I'm not a woman (99% sure) but I want to mention what for me is a CRUCIAL point in the abortion debate, and one that I never hear discussed. I first learned about this back in college during a Philosophy and Ethics class where we broke down the arguments of both sides with respect to weighty moral issues. With the abortion issue we inevitably talked about the moment of conception, and how most of those opposing abortion view conception as the moment when babies acquire the right to life, and when our souls are in effect "birthed". I also learned that after conception a surprisingly large percentage of pregnancies are spontaneously (or naturally) aborted, and this is also called miscarriage. This is a completely natural process, completely independent of human action and often without even the knowledge of the pregnant woman. The only only one that can take any responsibility for that one is God, right?

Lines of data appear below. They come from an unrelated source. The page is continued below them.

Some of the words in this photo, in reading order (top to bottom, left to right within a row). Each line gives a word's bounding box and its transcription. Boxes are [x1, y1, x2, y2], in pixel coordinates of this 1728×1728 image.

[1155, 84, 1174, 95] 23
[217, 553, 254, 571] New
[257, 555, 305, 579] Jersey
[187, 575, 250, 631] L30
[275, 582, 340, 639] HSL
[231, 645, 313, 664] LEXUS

Does this mean that God is planting souls in babies after conception, and then snuffing them out, or does this mean that the right to life is not as straightforward as pro-lifers would like to think? If you believe (as John McCain and Sarah Palin do) that life absolutely begins at conception and that abortion is murder, then it also means we have a rather murderous God.....(for those with the traditional view of an omnipotent God).
It means that we need to trust that God's way is the best way, and God's way is not our way. And we have to belive that all things WILL work together for good, regardless of what we think.

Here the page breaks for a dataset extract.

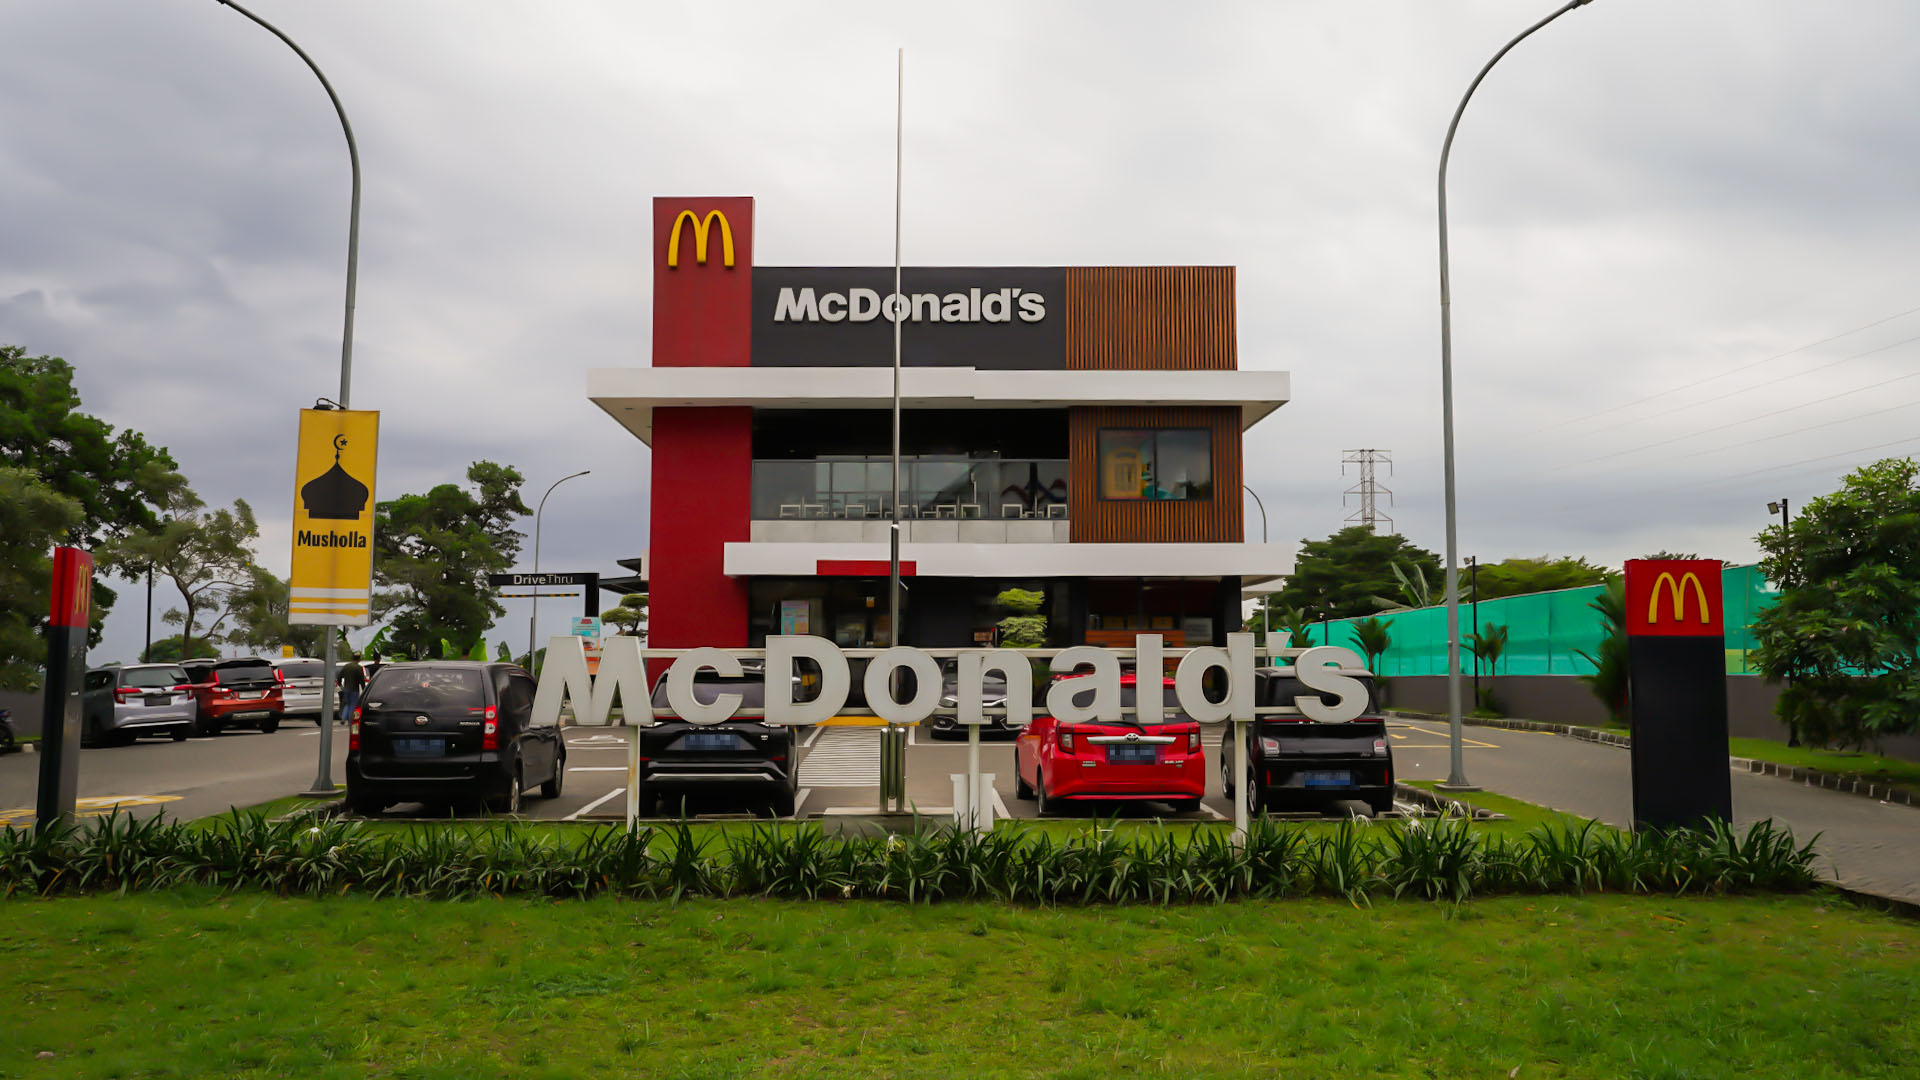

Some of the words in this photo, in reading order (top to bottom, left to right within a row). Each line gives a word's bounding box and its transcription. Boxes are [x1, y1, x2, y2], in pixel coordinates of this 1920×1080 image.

[774, 287, 1046, 323] McDonald's
[297, 529, 367, 549] Musholla
[529, 632, 1369, 726] McDonald's

I THINK: The abortion debate and being anti-abortion, is a cause celebre for many. I think we have all fallen in love with it. 'It' being the topic itself. For many it is a way to define how they are different. A look at me---I am not like you. It is a symbol of their religion. It is a symbol of how they are morally superior to others.
I think many of the religious anti-abortion group, wouldn't know what to do with themselves, if there was no such thing as abortion. They would loose so much of their identity. They would become more like everyone else. Something they dread above everything. Feeling morally superior is a powerful tool. It boosts the ego. Current American culture likes being divisive. We all get off on it. We enjoy being bad-ass Americans---more then we know. We want our individuality. And, being anti-abortion (for many) is a way to get it.
I don't deny their beliefs, but I think their actions on this one issue are not commensurate with the reality of the issue itself. If it was just about an alleged life, then all the anti-abortion camp, would be anti-war and anti-capital punishment.
For me, the decision to have an abortion came fairly easy. I didn't give it a lot of thought and no one helped me to. My biggest concern was not embarrasing my parents. I was only 16 years old at the time. I went to a free clinic and was told I could get an abortion without my parents knowing about it. It's ironic that a few months before, I tried to get birth control pills at the same place but was told I would have to have my parent's permission. Although I was young, I realized that I could die having an abortion and I wouldn't lie. I told my mom and she asked me what I wanted to do. My reply was, "Have an abortion." I had the abortion 2 days later.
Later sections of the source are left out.